> **Your instructions**: Each entry below should be restated word for word, without any picture it contains.

> **Records supplied**:
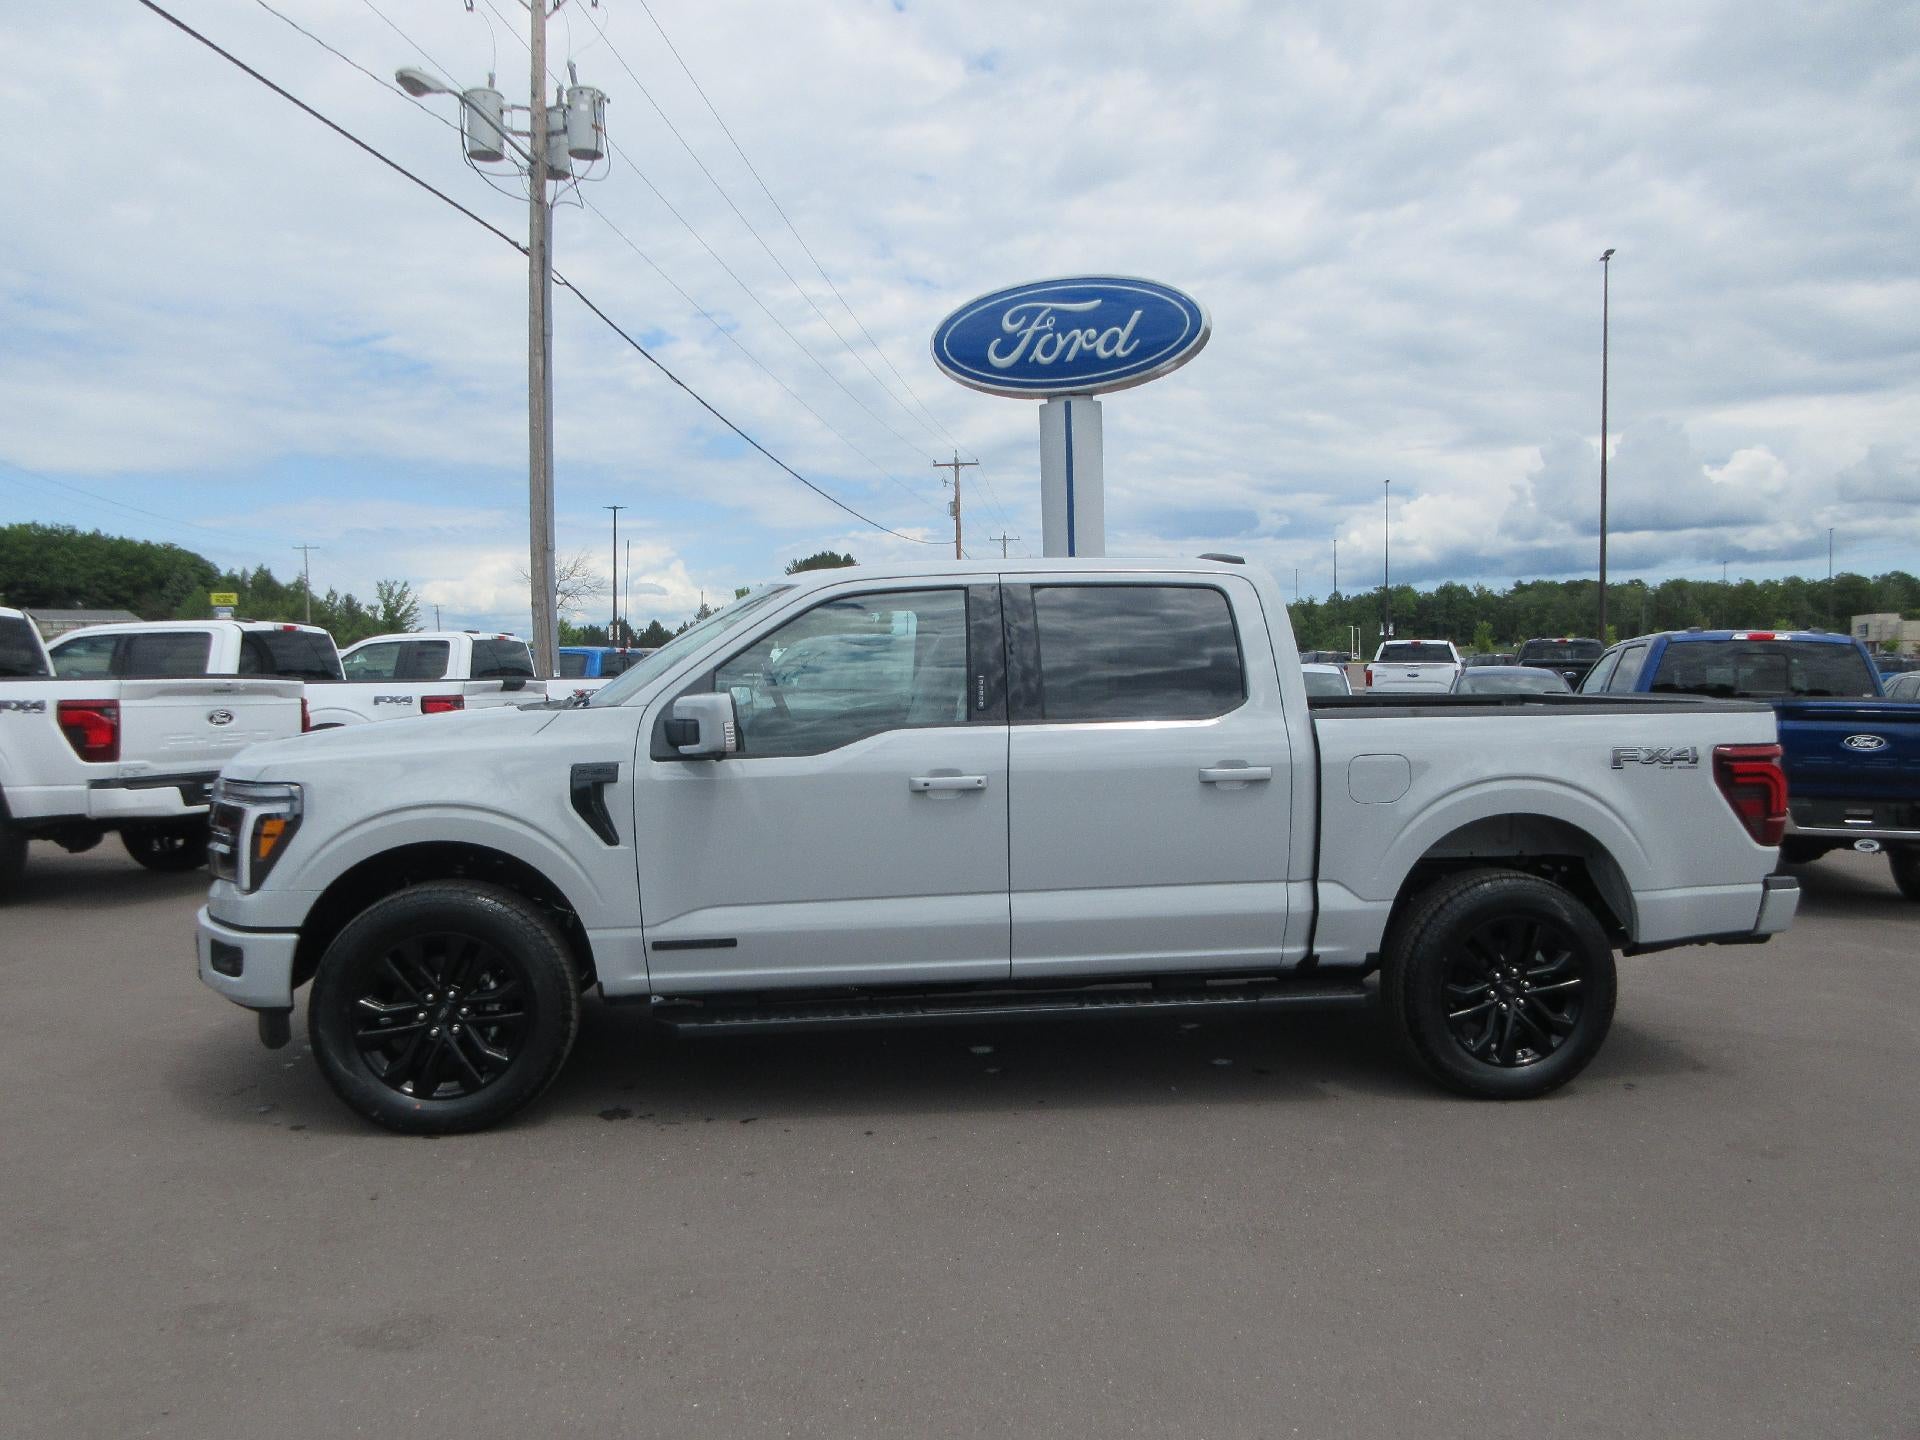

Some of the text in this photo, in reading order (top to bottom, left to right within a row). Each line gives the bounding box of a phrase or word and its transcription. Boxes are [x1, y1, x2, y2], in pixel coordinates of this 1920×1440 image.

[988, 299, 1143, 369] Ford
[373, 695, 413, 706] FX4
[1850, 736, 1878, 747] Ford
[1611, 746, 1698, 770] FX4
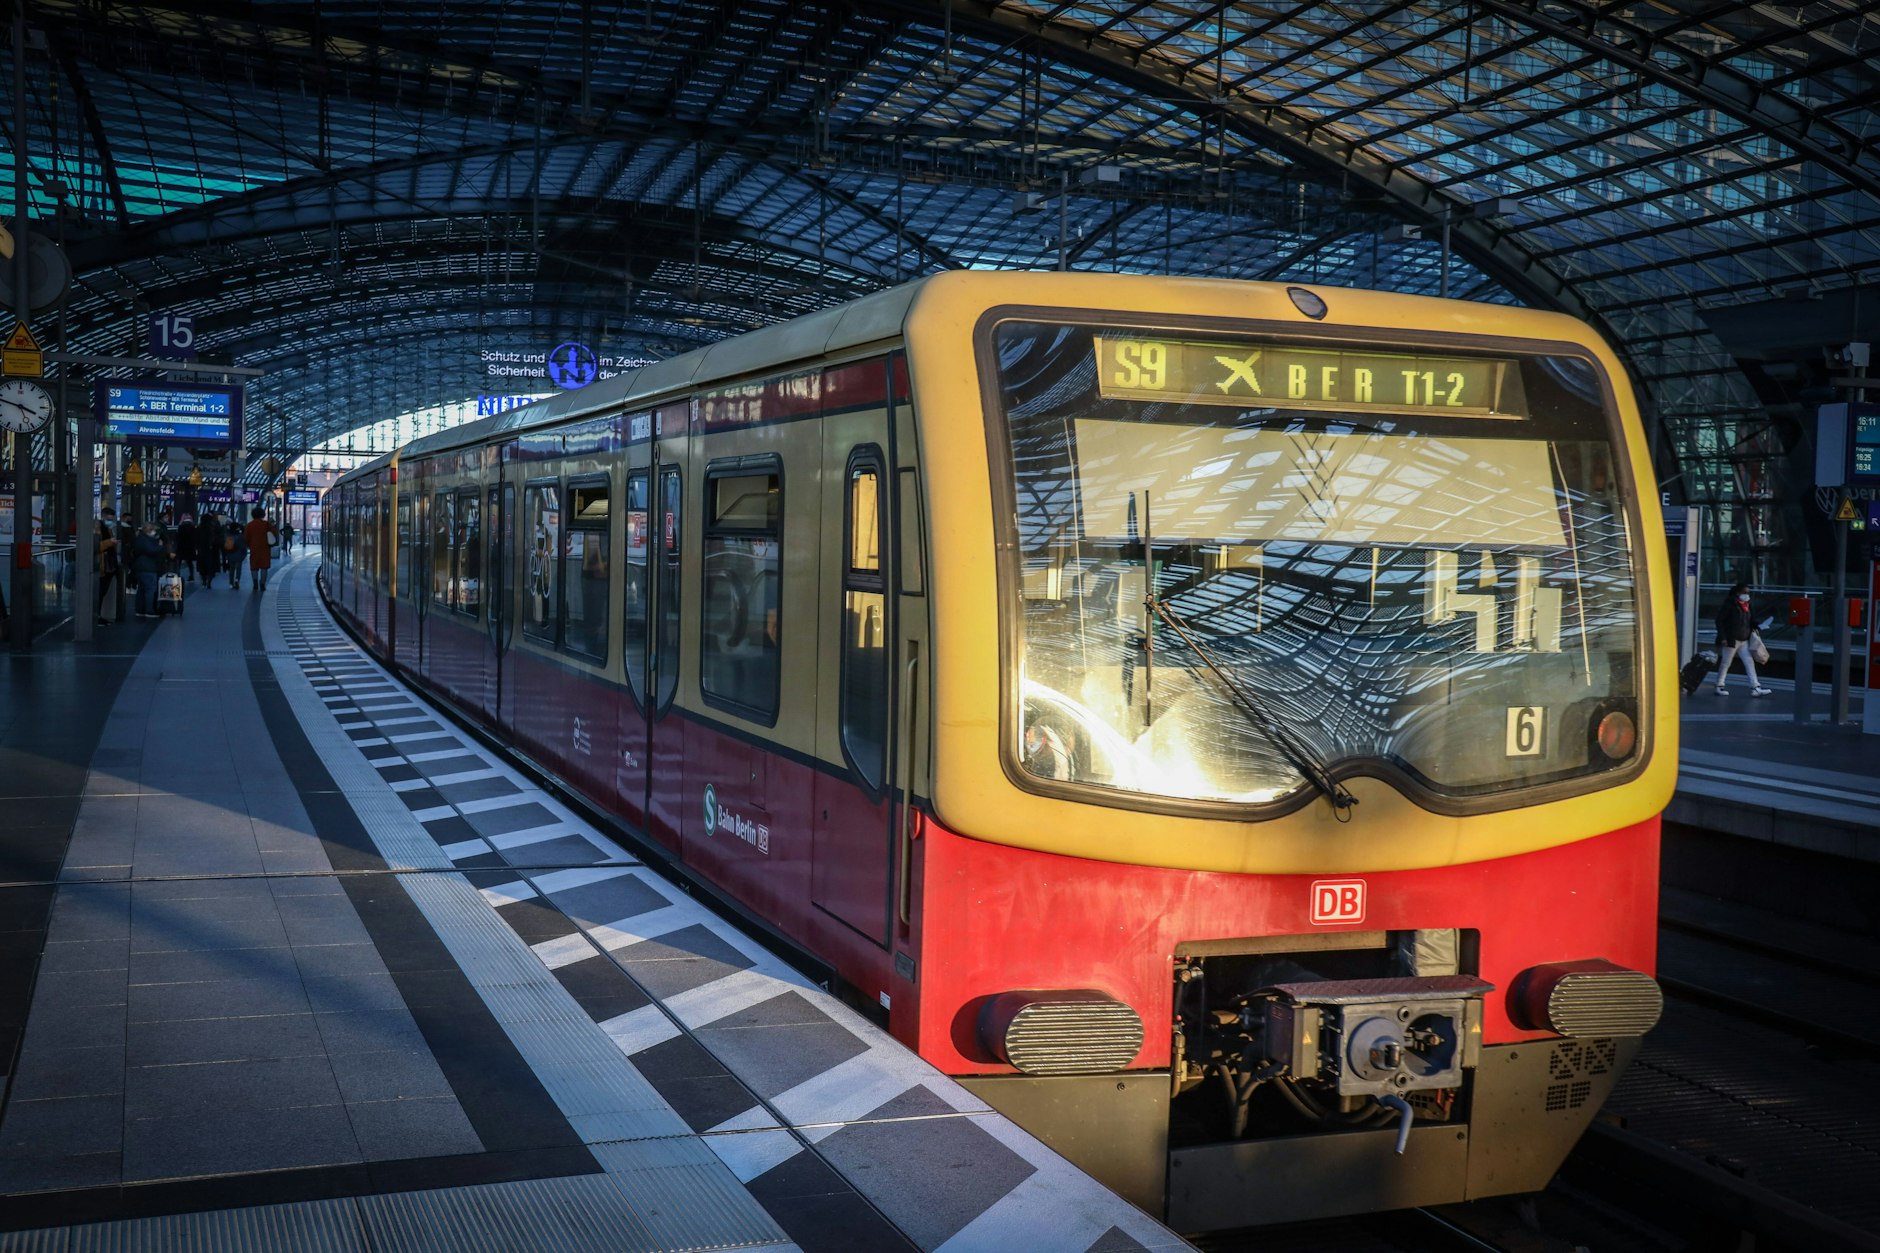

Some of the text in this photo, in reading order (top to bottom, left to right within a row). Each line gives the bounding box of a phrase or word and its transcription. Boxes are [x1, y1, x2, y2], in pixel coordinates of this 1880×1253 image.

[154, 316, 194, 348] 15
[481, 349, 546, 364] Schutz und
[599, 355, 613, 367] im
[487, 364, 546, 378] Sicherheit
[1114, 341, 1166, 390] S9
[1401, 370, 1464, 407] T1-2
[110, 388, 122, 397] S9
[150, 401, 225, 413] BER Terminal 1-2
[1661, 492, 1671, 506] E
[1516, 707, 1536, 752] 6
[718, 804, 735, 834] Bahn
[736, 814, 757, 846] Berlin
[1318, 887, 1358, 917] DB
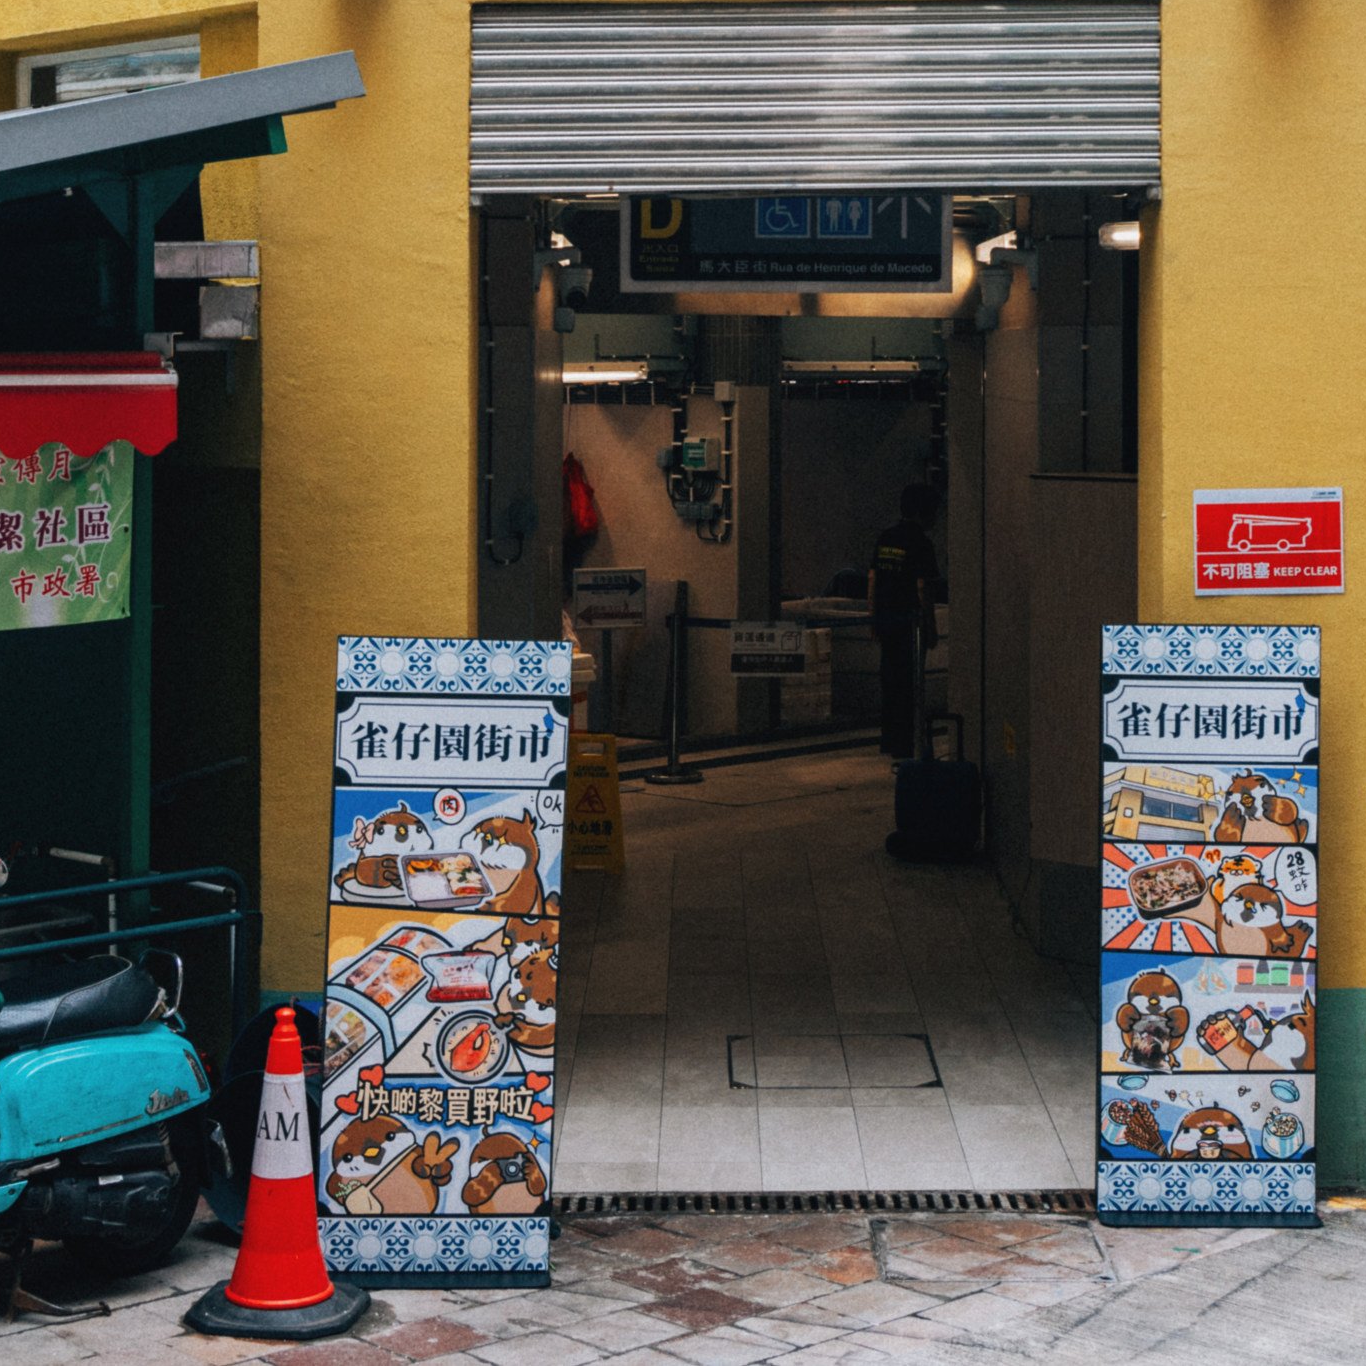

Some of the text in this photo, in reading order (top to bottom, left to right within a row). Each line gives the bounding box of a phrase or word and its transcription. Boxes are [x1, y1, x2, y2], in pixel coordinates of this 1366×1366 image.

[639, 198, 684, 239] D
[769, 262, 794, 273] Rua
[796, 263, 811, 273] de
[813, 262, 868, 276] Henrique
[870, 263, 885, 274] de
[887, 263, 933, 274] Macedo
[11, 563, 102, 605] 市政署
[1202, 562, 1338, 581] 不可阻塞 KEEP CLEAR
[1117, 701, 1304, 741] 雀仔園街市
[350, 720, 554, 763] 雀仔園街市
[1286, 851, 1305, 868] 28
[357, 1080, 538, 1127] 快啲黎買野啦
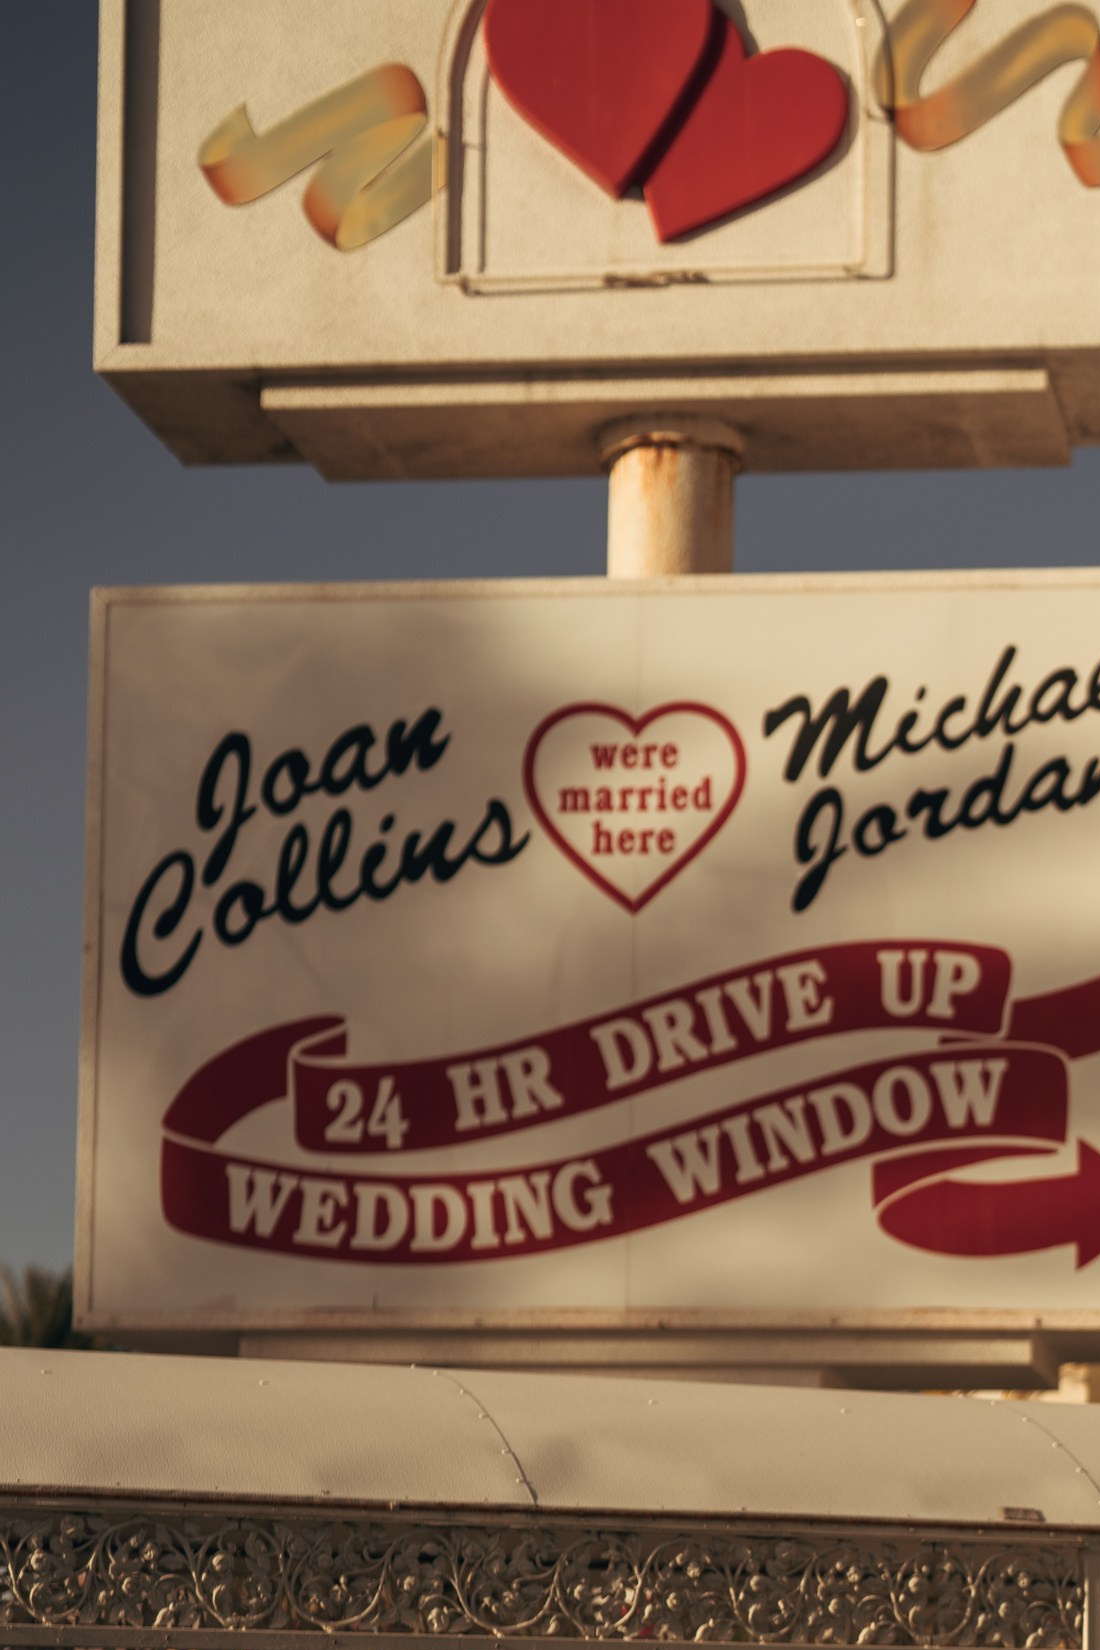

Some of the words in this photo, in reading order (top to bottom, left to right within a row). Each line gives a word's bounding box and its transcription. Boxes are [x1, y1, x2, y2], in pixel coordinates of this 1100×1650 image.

> **Result of this task**:
Some of the text in this photo, in reading order (top to bottom, left to right within a row). Each line gives the bounding box of a phrase or word and its transcription. Boxes are [x1, y1, x2, y2], in pixel coordinates of this 1920×1440 image.

[988, 299, 1143, 369] Ford
[373, 695, 413, 706] FX4
[1850, 736, 1878, 747] Ford
[1611, 746, 1698, 770] FX4

Some of the text in this photo, in reading order (top to bottom, left to right within a row). Each line gives the bounding box of a phrase or word and its transcription. Boxes are [x1, y1, x2, y2], in pixel coordinates of this 1880×1253 image.

[154, 316, 194, 348] 15
[481, 349, 546, 364] Schutz und
[599, 355, 613, 367] im
[487, 364, 546, 378] Sicherheit
[1114, 341, 1166, 390] S9
[1401, 370, 1464, 407] T1-2
[110, 388, 122, 397] S9
[150, 401, 225, 413] BER Terminal 1-2
[1661, 492, 1671, 506] E
[1516, 707, 1536, 752] 6
[718, 804, 735, 834] Bahn
[736, 814, 757, 846] Berlin
[1318, 887, 1358, 917] DB

Some of the text in this photo, in reading order (top to bottom, left to right within a row). Each line gives the bounding box of a phrase or word and its transcription. Boxes are [x1, y1, x2, y2], in pixel coordinates of this 1366×1366 image.

[639, 198, 684, 239] D
[769, 262, 794, 273] Rua
[796, 263, 811, 273] de
[813, 262, 868, 276] Henrique
[870, 263, 885, 274] de
[887, 263, 933, 274] Macedo
[11, 563, 102, 605] 市政署
[1202, 562, 1338, 581] 不可阻塞 KEEP CLEAR
[1117, 701, 1304, 741] 雀仔園街市
[350, 720, 554, 763] 雀仔園街市
[1286, 851, 1305, 868] 28
[357, 1080, 538, 1127] 快啲黎買野啦

Some of the words in this photo, in reading order (top to bottom, left to right within a row). Each line gives a word's bounding box and its transcription. Boxes are [x1, y1, x2, y2], in pixel coordinates of this 1100×1650 image.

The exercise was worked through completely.